• [EXERCISE DIRECTIONS] If a record contains a picture, leave the picture out and reproduce everything else exactly.

• [DATA EXCERPTS]
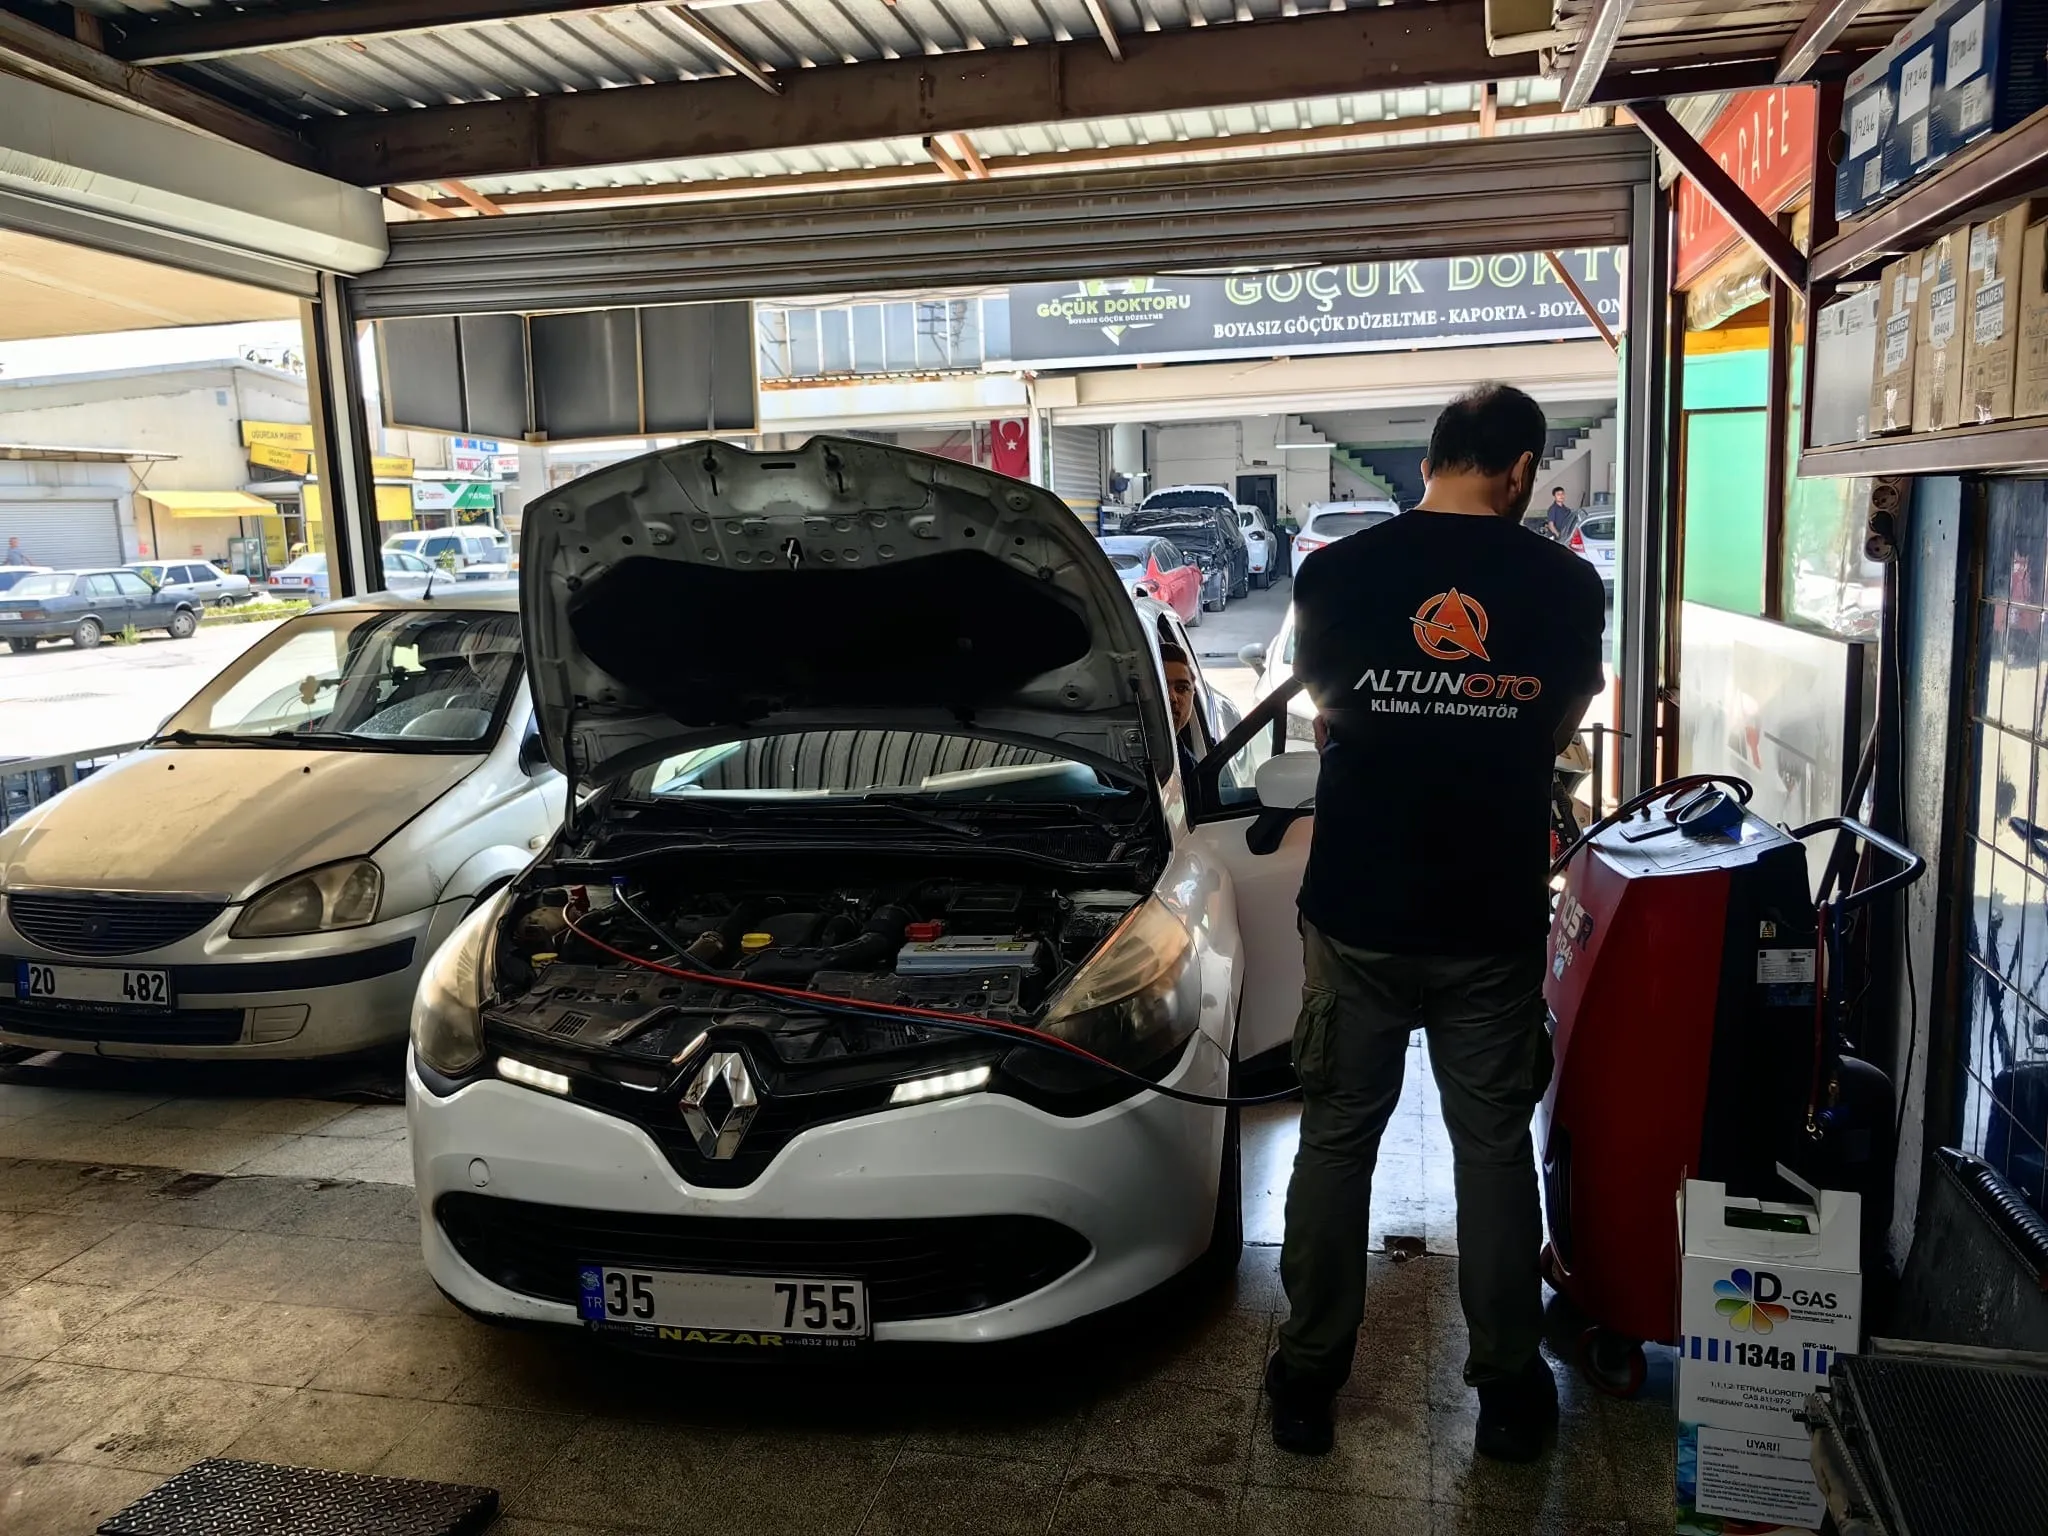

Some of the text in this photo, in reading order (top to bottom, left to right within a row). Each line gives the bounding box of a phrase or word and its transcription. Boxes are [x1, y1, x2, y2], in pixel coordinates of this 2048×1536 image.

[1036, 294, 1191, 320] GÖÇÜK DOKTORU
[1068, 313, 1164, 325] BOYASIZ GÖÇÜK DÜZELTME
[1213, 319, 1282, 338] BOYASIZ
[1284, 314, 1345, 337] GÖÇÜK
[1347, 310, 1437, 330] DÜZELTME
[1448, 305, 1528, 324] KAPORTA
[1371, 698, 1421, 715] KLİMA
[1434, 702, 1519, 719] RADYATÖR
[30, 966, 166, 1002] 20 482
[584, 1296, 603, 1308] TR
[605, 1272, 857, 1330] 35 755
[659, 1327, 784, 1346] NAZAR
[1735, 1342, 1796, 1372] 134a
[1742, 1393, 1759, 1402] CAS

• [RESPONSE TO THE EXERCISE]
Some of the text in this photo, in reading order (top to bottom, left to right within a row). Each line gives the bounding box of a phrase or word and its transcription. Boxes are [x1, y1, x2, y2], in pixel coordinates of this 2048×1536 image.

[1036, 294, 1191, 320] GÖÇÜK DOKTORU
[1068, 313, 1164, 325] BOYASIZ GÖÇÜK DÜZELTME
[1213, 319, 1282, 338] BOYASIZ
[1284, 314, 1345, 337] GÖÇÜK
[1347, 310, 1437, 330] DÜZELTME
[1448, 305, 1528, 324] KAPORTA
[1371, 698, 1421, 715] KLİMA
[1434, 702, 1519, 719] RADYATÖR
[30, 966, 166, 1002] 20 482
[584, 1296, 603, 1308] TR
[605, 1272, 857, 1330] 35 755
[659, 1327, 784, 1346] NAZAR
[1735, 1342, 1796, 1372] 134a
[1742, 1393, 1759, 1402] CAS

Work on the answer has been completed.